All but one of our participants expressed an interest in networked console and PC video games. Tony (15) uses Halo 3 (Xbox 360, Xbox Live) as his preferred method of networked social interaction. Tony is a busy teen; he does well in school and is a competitive tennis player who practices tennis up to five days a week. Tony is mentally and physically exhausted following a full day of school, tennis, and homework, leaving him with little interest in instant messaging or hanging around MySpace as many of his friends do. Tony and his gaming buddies (all fiends from school) meet up in the world of Halo 3, their avatars appearing together in a single virtual world, tethering the geographically remote friends together though a shared private audio channel, where they hang out and talk as they casually shoot aliens.
Halo 3 provides a graphically rich shared social space for Tony and his friends to hangout together when they are unable to meet in-person due to their limited mobility. Although text based communication technologies are not as aesthetically pleasing as a 3D game worlds, contact lists and messaging tools also provide a channel for pre-teens and teens to be accessible and visible to each other almost anywhere and anytime. Tony was the only participant to use a gaming platform a his primary chat channel, we think this example is important because it points to the rapid proliferation of contact lists into new spaces in our media ecology.

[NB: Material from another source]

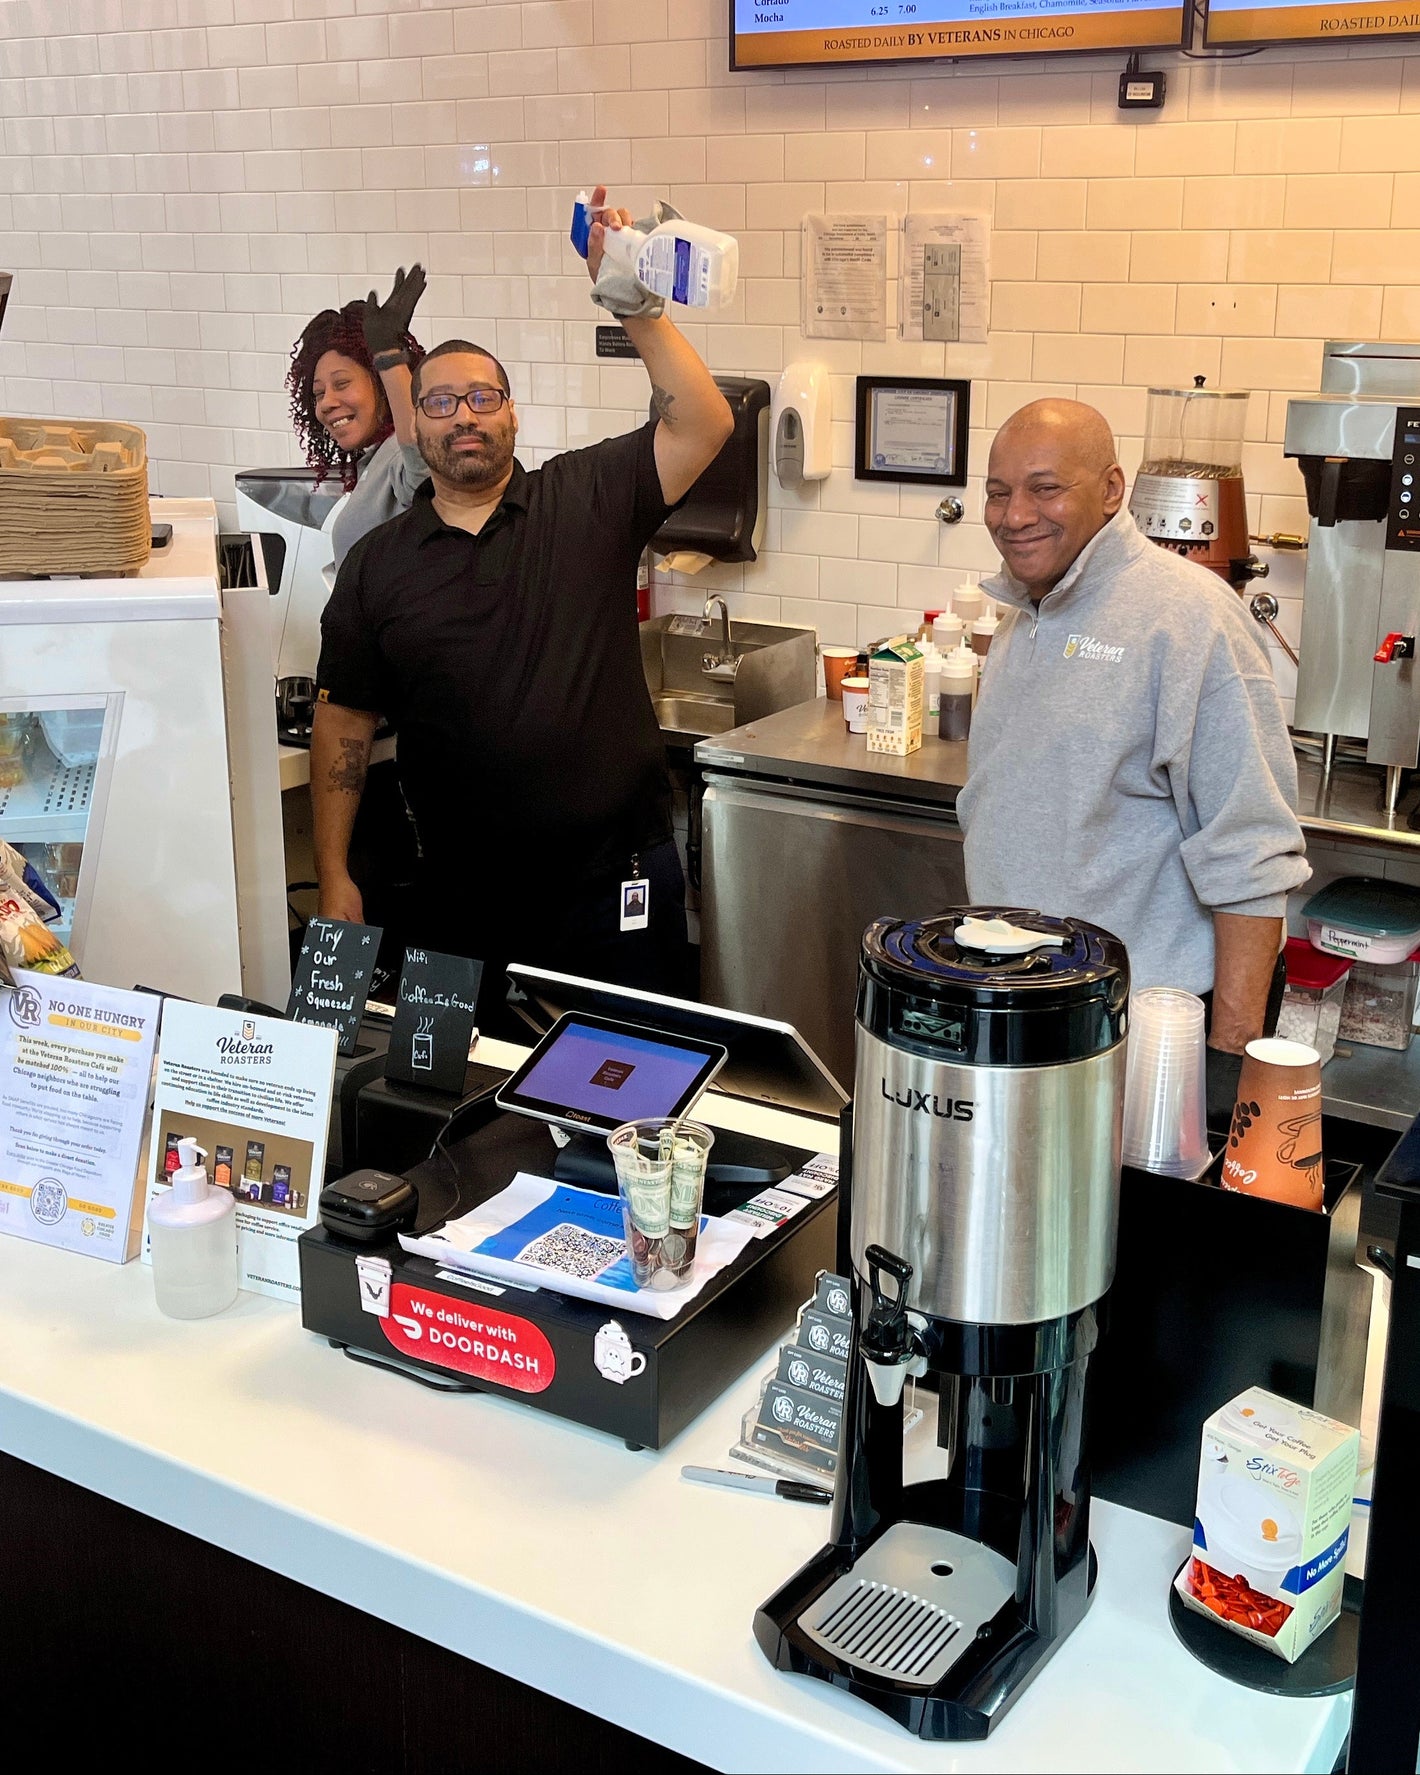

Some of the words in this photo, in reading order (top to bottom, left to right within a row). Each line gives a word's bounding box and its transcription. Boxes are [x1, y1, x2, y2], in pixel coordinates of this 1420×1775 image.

This paper described how a group of American pre-teens and teens used networked contact lists in novel ways to negotiate online and offline visibility. Circle of Friends was an important method for us to gain insight on the relationship between the classroom environment and youth online/offline interaction. Industry intent on targeting the youth market will need to understand that youth exist in a unique social space that informs their use of instant messaging, text messaging, and other contact list based communication technologies.
Ethnographic Praxis in Industry Conference Proceedings 2008, pp. 79–85. © American Anthropological Association, some rights reserved.
This was part of an exploratory study conducted by ken anderson, Maria Bezaitis, and Matthew Yapchaian at Intel Research Portland, Oregon.
Matthew Yapchaian works with Intel’s People and Practices research group, doing research in media-based communication, social media, and cinematic narrative. He has an MFA in new media Studies from the University of Illinois.